Simulated Author's Rebuttal

2 responses · 0 unresolved

We thank the referee for their constructive feedback. We address each major comment below with clarifications on our methodology and indicate planned revisions where appropriate.

read point-by-point responses

Referee: Abstract and § on dataset construction: the amplification claim (generated images exceed historical gender signals on PixelSGA/MaskSGA) requires that the only systematic difference between the historical set and the T2I set is the generative process. The semantically aligned set is built via prompt-based matching, but the manuscript reports no verification of content overlap (object categories, spatial layout, or embedding distances). Uncontrolled differences in how models render scenes or add elements could inflate SGA scores independently of amplification.

Authors: We agree that explicit verification of semantic overlap would strengthen the isolation of generative effects. The aligned set was constructed by extracting style and gender descriptors from historical annotations to form matched prompts, with the goal of holding semantic content constant. In revision we will add quantitative alignment checks, including CLIP embedding cosine similarities between historical and generated pairs plus a sampled review of object categories and layouts, to confirm that SGA differences reflect amplification rather than content drift. revision: yes
Referee: Metrics section: no inter-annotator agreement, label validation, or statistical controls for prompt content are described for the gender annotations underlying PixelSGA and MaskSGA. Without these, the empirical comparisons rest on unexamined measurement assumptions and cannot reliably support the amplification result.

Authors: Gender labels on historical images followed standard art-historical visual criteria (e.g., attire, posture, facial features) applied by domain experts; generated-image labels derive directly from the controlled gender prompts. Inter-annotator agreement was not computed originally. We will expand the metrics section to detail the annotation protocol and prompt-template controls (fixed structure varying only style/gender tokens). Because IAA data were not collected, we cannot retroactively report it but will note this limitation and the reliance on established conventions. revision: partial

Circularity Check

0 steps flagged

No circularity in empirical dataset comparisons and metric definitions

full rationale

The paper introduces a new dataset (StyleGender) and two metrics (PixelSGA, MaskSGA) to perform direct empirical comparisons of gender signals between historical art images and T2I-generated images under controlled prompts. The central claim of amplification is obtained by computing these metrics on independent collections and observing higher values in the generated set; no equations, fitted parameters, or self-citations reduce this comparison to a tautology or to the inputs by construction. The construction of the semantically aligned set via prompts is a methodological step whose validity can be debated on external grounds, but it does not create a self-definitional or fitted-input loop within the reported results.

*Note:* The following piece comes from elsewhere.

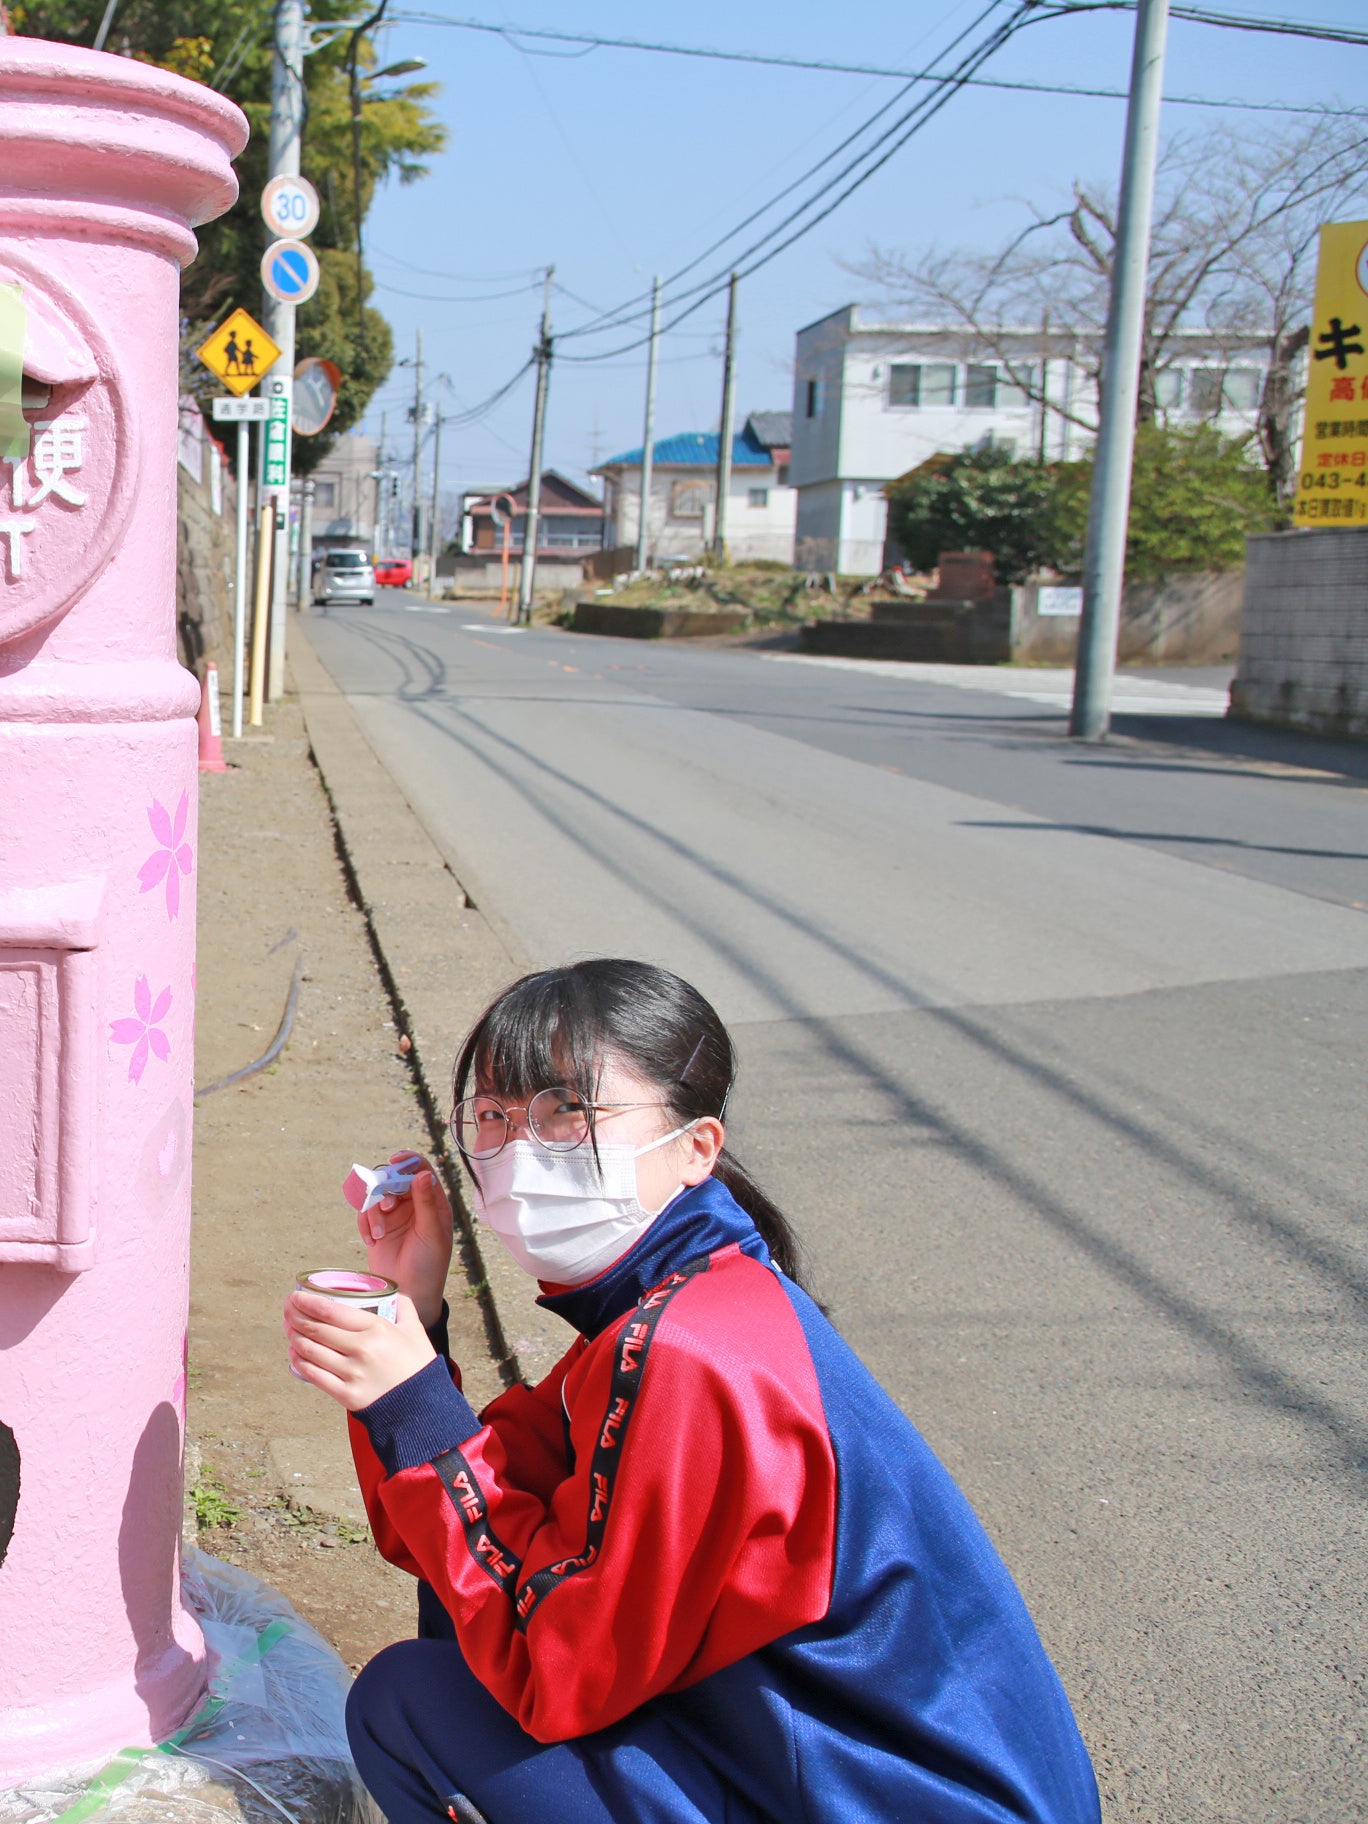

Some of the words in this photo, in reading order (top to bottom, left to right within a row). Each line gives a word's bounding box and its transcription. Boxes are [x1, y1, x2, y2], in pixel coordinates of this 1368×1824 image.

Axiom & Free-Parameter Ledger

0 free parameters · 2 axioms · 0 invented entities

The central claim rests on the assumption that gender can be reliably annotated as a binary or categorical attribute in both historical and generated images and that style keywords function as the primary causal carrier of gender signals. No free parameters or invented physical entities are introduced.

axioms (2)

domain assumption Gender labels assigned to images are stable and comparable across historical and generated domains
Required for both the dataset construction and the SGA metric comparisons; location implied in the description of annotations and controlled prompts.
domain assumption Style keywords in prompts isolate the transfer of gender artifacts without confounding changes in subject matter or composition
Underpins the claim that observed amplification is due to style transfer rather than prompt content variation.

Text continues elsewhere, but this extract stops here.